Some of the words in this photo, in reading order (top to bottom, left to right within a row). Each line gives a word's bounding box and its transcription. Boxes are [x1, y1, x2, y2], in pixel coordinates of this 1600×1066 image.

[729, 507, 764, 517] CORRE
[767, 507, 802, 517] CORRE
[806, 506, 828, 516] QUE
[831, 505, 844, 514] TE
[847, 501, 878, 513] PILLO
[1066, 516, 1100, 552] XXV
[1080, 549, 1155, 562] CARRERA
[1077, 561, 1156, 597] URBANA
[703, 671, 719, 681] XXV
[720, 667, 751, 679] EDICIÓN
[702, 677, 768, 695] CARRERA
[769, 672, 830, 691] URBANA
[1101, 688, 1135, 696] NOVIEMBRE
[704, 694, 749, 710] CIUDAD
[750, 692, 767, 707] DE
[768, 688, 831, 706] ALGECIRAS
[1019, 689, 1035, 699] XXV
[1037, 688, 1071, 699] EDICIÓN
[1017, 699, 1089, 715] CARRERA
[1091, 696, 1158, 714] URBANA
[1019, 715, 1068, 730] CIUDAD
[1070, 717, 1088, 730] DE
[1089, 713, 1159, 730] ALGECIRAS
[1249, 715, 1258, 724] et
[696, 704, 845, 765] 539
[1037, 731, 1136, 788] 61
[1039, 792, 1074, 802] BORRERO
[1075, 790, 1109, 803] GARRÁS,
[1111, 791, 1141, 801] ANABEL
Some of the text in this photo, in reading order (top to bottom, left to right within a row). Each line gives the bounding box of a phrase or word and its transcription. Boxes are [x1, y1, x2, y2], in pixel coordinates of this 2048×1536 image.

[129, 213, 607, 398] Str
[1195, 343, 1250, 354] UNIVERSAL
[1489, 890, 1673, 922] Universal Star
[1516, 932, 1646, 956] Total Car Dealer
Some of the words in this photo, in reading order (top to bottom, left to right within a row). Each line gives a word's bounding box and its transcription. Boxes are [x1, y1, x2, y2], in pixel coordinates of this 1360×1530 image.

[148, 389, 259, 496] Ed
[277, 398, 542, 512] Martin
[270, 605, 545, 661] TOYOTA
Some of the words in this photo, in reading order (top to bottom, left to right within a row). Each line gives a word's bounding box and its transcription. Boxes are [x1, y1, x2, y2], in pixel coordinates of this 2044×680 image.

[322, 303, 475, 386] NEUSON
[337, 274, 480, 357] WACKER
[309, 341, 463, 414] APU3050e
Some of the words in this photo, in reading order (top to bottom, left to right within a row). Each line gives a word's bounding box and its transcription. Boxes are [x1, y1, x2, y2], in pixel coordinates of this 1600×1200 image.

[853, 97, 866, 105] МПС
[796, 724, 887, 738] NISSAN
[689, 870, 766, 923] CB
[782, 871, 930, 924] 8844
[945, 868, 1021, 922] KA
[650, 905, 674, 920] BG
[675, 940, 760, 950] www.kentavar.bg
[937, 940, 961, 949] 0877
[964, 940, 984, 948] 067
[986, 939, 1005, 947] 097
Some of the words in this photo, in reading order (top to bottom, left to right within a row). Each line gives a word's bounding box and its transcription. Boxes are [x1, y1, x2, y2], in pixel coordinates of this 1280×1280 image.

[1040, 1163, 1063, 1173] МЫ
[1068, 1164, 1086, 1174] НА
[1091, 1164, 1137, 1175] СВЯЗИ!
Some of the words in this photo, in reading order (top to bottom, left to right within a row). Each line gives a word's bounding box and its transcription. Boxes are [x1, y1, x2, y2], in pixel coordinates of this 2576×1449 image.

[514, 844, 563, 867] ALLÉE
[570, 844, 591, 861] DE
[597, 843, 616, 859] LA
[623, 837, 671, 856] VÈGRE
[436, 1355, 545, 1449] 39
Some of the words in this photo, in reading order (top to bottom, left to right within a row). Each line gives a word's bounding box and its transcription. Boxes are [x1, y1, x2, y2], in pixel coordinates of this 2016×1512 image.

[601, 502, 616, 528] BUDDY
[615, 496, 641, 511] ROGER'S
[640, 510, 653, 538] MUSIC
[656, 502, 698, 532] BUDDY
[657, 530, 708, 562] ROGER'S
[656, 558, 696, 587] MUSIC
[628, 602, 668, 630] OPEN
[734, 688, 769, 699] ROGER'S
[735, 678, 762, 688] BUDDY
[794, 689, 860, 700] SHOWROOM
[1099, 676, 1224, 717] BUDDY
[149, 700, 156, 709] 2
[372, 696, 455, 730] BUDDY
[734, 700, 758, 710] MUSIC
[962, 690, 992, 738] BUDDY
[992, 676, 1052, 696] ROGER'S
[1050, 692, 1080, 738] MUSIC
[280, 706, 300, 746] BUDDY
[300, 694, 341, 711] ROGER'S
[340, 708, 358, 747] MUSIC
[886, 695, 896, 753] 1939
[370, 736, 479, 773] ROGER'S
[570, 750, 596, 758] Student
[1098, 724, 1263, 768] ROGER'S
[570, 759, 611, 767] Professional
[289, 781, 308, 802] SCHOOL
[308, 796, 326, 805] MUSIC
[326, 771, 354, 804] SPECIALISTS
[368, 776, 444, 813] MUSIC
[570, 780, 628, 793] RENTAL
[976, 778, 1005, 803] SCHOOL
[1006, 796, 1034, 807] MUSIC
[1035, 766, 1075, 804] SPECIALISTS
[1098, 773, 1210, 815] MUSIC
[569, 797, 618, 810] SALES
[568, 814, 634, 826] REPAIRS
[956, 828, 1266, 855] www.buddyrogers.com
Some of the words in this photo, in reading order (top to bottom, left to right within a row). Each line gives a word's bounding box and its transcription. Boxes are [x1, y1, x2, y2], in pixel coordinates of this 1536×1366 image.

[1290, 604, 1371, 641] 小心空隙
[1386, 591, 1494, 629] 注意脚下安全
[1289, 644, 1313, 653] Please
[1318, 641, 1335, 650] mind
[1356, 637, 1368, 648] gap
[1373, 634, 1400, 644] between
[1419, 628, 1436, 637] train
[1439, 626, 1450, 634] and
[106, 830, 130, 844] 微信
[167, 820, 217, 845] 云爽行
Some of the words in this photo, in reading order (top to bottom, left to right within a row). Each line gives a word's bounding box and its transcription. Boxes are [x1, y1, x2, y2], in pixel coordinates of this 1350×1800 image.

────────────────

_What is needed_.
Output the entries above word for word.

_Result for this task_.
Some of the words in this photo, in reading order (top to bottom, left to right within a row). Each line gives a word's bounding box and its transcription. Boxes are [x1, y1, x2, y2], in pixel coordinates of this 1600×1066 image.

[729, 507, 764, 517] CORRE
[767, 507, 802, 517] CORRE
[806, 506, 828, 516] QUE
[831, 505, 844, 514] TE
[847, 501, 878, 513] PILLO
[1066, 516, 1100, 552] XXV
[1080, 549, 1155, 562] CARRERA
[1077, 561, 1156, 597] URBANA
[703, 671, 719, 681] XXV
[720, 667, 751, 679] EDICIÓN
[702, 677, 768, 695] CARRERA
[769, 672, 830, 691] URBANA
[1101, 688, 1135, 696] NOVIEMBRE
[704, 694, 749, 710] CIUDAD
[750, 692, 767, 707] DE
[768, 688, 831, 706] ALGECIRAS
[1019, 689, 1035, 699] XXV
[1037, 688, 1071, 699] EDICIÓN
[1017, 699, 1089, 715] CARRERA
[1091, 696, 1158, 714] URBANA
[1019, 715, 1068, 730] CIUDAD
[1070, 717, 1088, 730] DE
[1089, 713, 1159, 730] ALGECIRAS
[1249, 715, 1258, 724] et
[696, 704, 845, 765] 539
[1037, 731, 1136, 788] 61
[1039, 792, 1074, 802] BORRERO
[1075, 790, 1109, 803] GARRÁS,
[1111, 791, 1141, 801] ANABEL
Some of the text in this photo, in reading order (top to bottom, left to right within a row). Each line gives the bounding box of a phrase or word and its transcription. Boxes are [x1, y1, x2, y2], in pixel coordinates of this 2048×1536 image.

[129, 213, 607, 398] Str
[1195, 343, 1250, 354] UNIVERSAL
[1489, 890, 1673, 922] Universal Star
[1516, 932, 1646, 956] Total Car Dealer
Some of the words in this photo, in reading order (top to bottom, left to right within a row). Each line gives a word's bounding box and its transcription. Boxes are [x1, y1, x2, y2], in pixel coordinates of this 1360×1530 image.

[148, 389, 259, 496] Ed
[277, 398, 542, 512] Martin
[270, 605, 545, 661] TOYOTA
Some of the words in this photo, in reading order (top to bottom, left to right within a row). Each line gives a word's bounding box and its transcription. Boxes are [x1, y1, x2, y2], in pixel coordinates of this 2044×680 image.

[322, 303, 475, 386] NEUSON
[337, 274, 480, 357] WACKER
[309, 341, 463, 414] APU3050e
Some of the words in this photo, in reading order (top to bottom, left to right within a row). Each line gives a word's bounding box and its transcription. Boxes are [x1, y1, x2, y2], in pixel coordinates of this 1600×1200 image.

[853, 97, 866, 105] МПС
[796, 724, 887, 738] NISSAN
[689, 870, 766, 923] CB
[782, 871, 930, 924] 8844
[945, 868, 1021, 922] KA
[650, 905, 674, 920] BG
[675, 940, 760, 950] www.kentavar.bg
[937, 940, 961, 949] 0877
[964, 940, 984, 948] 067
[986, 939, 1005, 947] 097
Some of the words in this photo, in reading order (top to bottom, left to right within a row). Each line gives a word's bounding box and its transcription. Boxes are [x1, y1, x2, y2], in pixel coordinates of this 1280×1280 image.

[1040, 1163, 1063, 1173] МЫ
[1068, 1164, 1086, 1174] НА
[1091, 1164, 1137, 1175] СВЯЗИ!
Some of the words in this photo, in reading order (top to bottom, left to right within a row). Each line gives a word's bounding box and its transcription. Boxes are [x1, y1, x2, y2], in pixel coordinates of this 2576×1449 image.

[514, 844, 563, 867] ALLÉE
[570, 844, 591, 861] DE
[597, 843, 616, 859] LA
[623, 837, 671, 856] VÈGRE
[436, 1355, 545, 1449] 39
Some of the words in this photo, in reading order (top to bottom, left to right within a row). Each line gives a word's bounding box and its transcription. Boxes are [x1, y1, x2, y2], in pixel coordinates of this 2016×1512 image.

[601, 502, 616, 528] BUDDY
[615, 496, 641, 511] ROGER'S
[640, 510, 653, 538] MUSIC
[656, 502, 698, 532] BUDDY
[657, 530, 708, 562] ROGER'S
[656, 558, 696, 587] MUSIC
[628, 602, 668, 630] OPEN
[734, 688, 769, 699] ROGER'S
[735, 678, 762, 688] BUDDY
[794, 689, 860, 700] SHOWROOM
[1099, 676, 1224, 717] BUDDY
[149, 700, 156, 709] 2
[372, 696, 455, 730] BUDDY
[734, 700, 758, 710] MUSIC
[962, 690, 992, 738] BUDDY
[992, 676, 1052, 696] ROGER'S
[1050, 692, 1080, 738] MUSIC
[280, 706, 300, 746] BUDDY
[300, 694, 341, 711] ROGER'S
[340, 708, 358, 747] MUSIC
[886, 695, 896, 753] 1939
[370, 736, 479, 773] ROGER'S
[570, 750, 596, 758] Student
[1098, 724, 1263, 768] ROGER'S
[570, 759, 611, 767] Professional
[289, 781, 308, 802] SCHOOL
[308, 796, 326, 805] MUSIC
[326, 771, 354, 804] SPECIALISTS
[368, 776, 444, 813] MUSIC
[570, 780, 628, 793] RENTAL
[976, 778, 1005, 803] SCHOOL
[1006, 796, 1034, 807] MUSIC
[1035, 766, 1075, 804] SPECIALISTS
[1098, 773, 1210, 815] MUSIC
[569, 797, 618, 810] SALES
[568, 814, 634, 826] REPAIRS
[956, 828, 1266, 855] www.buddyrogers.com
Some of the words in this photo, in reading order (top to bottom, left to right within a row). Each line gives a word's bounding box and its transcription. Boxes are [x1, y1, x2, y2], in pixel coordinates of this 1536×1366 image.

[1290, 604, 1371, 641] 小心空隙
[1386, 591, 1494, 629] 注意脚下安全
[1289, 644, 1313, 653] Please
[1318, 641, 1335, 650] mind
[1356, 637, 1368, 648] gap
[1373, 634, 1400, 644] between
[1419, 628, 1436, 637] train
[1439, 626, 1450, 634] and
[106, 830, 130, 844] 微信
[167, 820, 217, 845] 云爽行
Some of the words in this photo, in reading order (top to bottom, left to right within a row). Each line gives a word's bounding box and its transcription. Boxes are [x1, y1, x2, y2], in pixel coordinates of this 1350×1800 image.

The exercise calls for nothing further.